Club Cal Neva is one of the most historic casinos in Northern Nevada, having held its presence in Downtown Reno through all of its monumental changes over the years. Club Cal Neva originally opened on April 2, 1962 as a club held by the gaming magnates of the time. It has avoided closure by changing hands and expanding into the sports betting industry. Its sports book was one of the most profitable in the state and racked in millions per year via satellite participants. In April 2011 William Hill PLC purchased Cal Neva's race and sportsbook division for $39 million. The Club Cal Neva is by no means a large casino but has expanded over the years.
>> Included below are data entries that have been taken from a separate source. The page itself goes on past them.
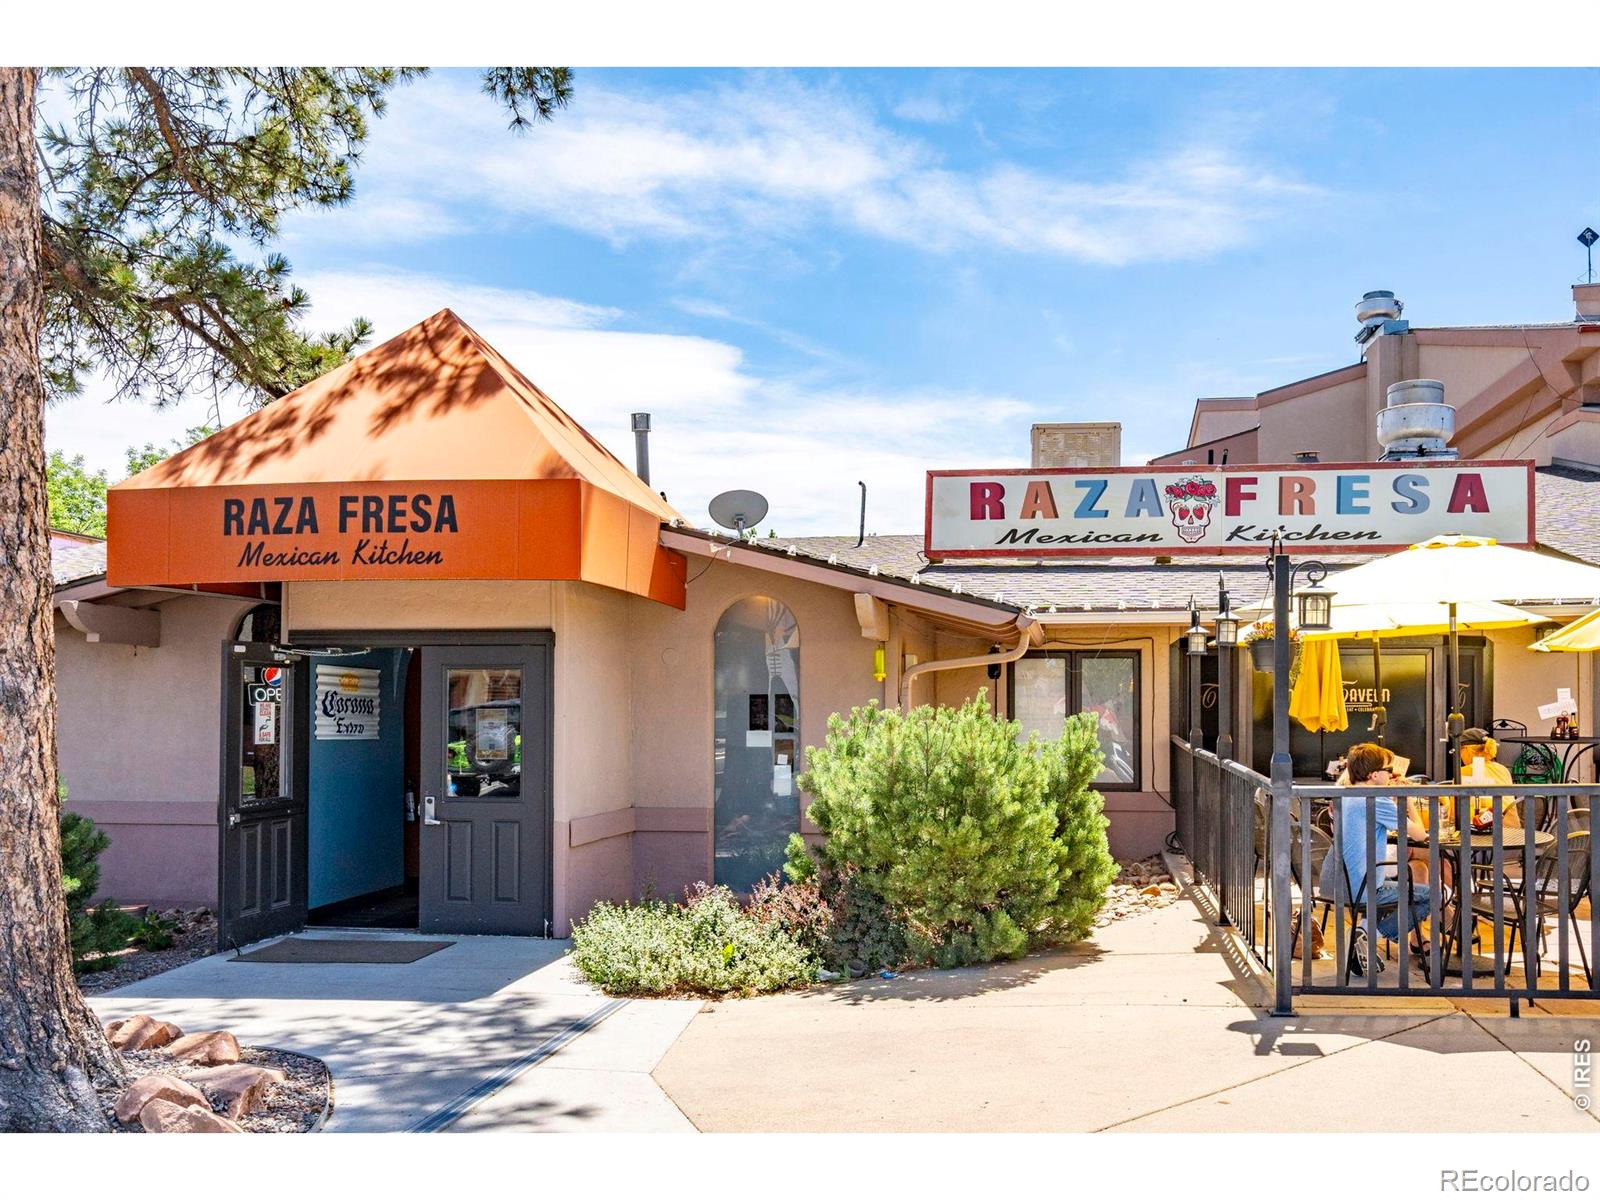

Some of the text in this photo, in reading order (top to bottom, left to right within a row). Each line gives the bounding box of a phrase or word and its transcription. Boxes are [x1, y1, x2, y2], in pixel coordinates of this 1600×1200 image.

[970, 473, 1491, 521] RAZA FRESA
[223, 494, 459, 536] RAZA FRESA
[995, 527, 1164, 545] Mexican
[237, 538, 444, 568] Mexican Kitchen
[255, 687, 282, 702] OPE
[322, 690, 375, 718] Corona
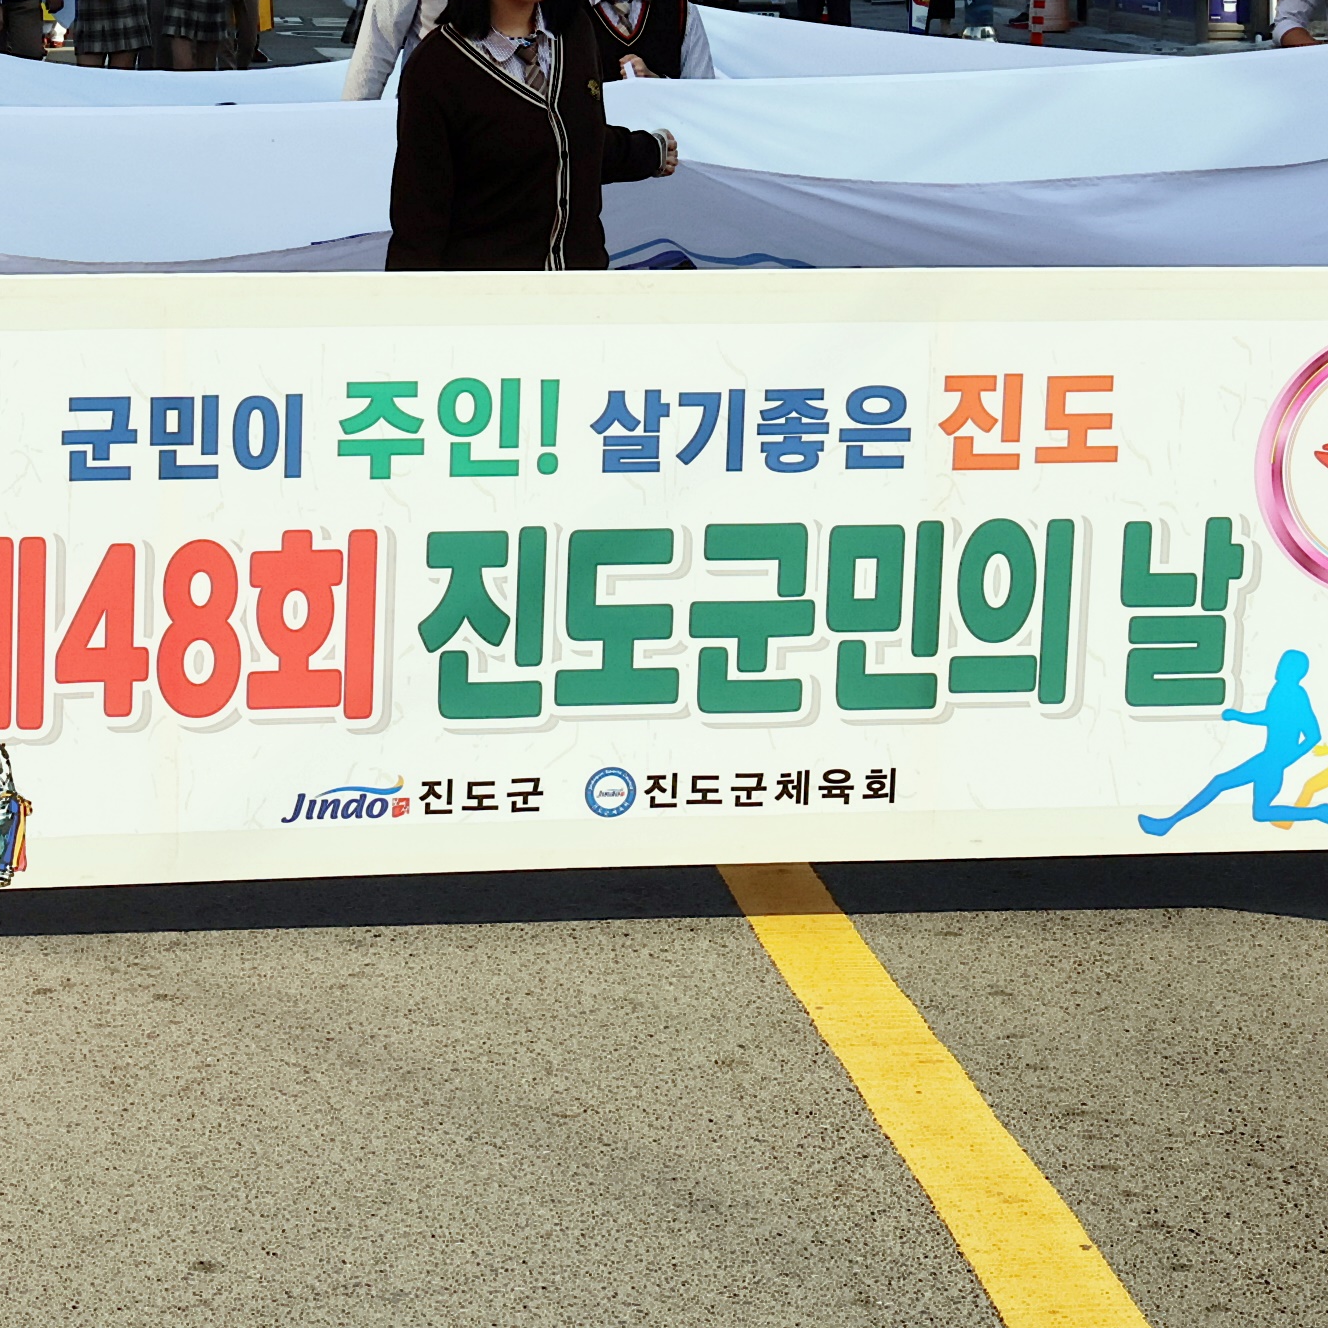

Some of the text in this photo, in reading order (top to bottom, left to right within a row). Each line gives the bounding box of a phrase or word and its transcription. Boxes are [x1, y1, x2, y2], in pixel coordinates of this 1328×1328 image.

From 2002 to 2004, Club Cal Neva held a lease to the 16 story Virginian Tower which held 125 rooms, it was connected to the Club Cal Neva Casino, the owners declined to renew the lease in 2004 and the hotel was closed, it has not been reopened since October 23, 2004. That same year, Club Cal Neva purchased the old Nevadan tower across the street, it was once its own independent hotel and casino first opening in 1982 as the Onslow Hotel, it closed shortly thereafter and remained dormant until the owners of the Riverboat decided to merge it into their hotel and casino before it closed in 2001. It then sat empty before Club Cal Neva purchased it and poured thousands into a major refurbish. It remained Club Cal Neva's hotel until it was later sold to Siegel Suites on February 5, 2015.
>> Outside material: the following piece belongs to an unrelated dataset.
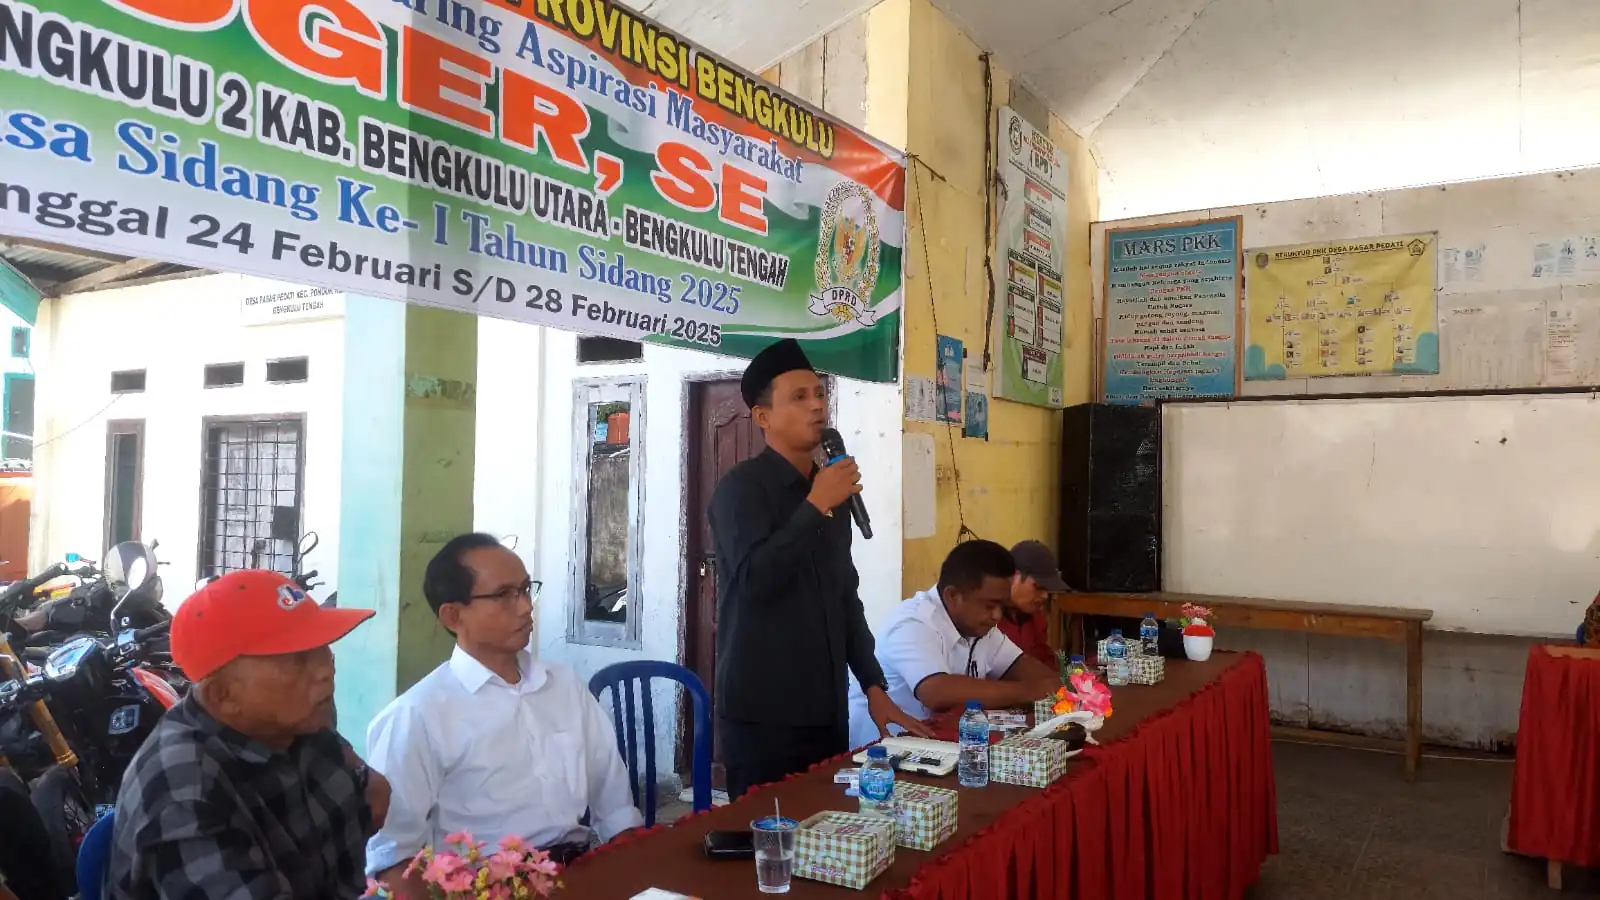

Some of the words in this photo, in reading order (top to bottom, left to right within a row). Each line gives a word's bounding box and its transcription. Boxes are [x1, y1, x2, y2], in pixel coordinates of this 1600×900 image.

Other notable changes to Club Cal Neva, a parking garage was added in 1996 and more gaming space around this same time. Today, Club Cal Neva remains one of the last remaining of Reno's original casinos. It sponsors some Reno events, including the "La Tomatina en Reno," an homage to the tomato fights in Spain. It drew a turnout of more than 10,000 people in its first run. Club Cal Neva also has 4 restaurants.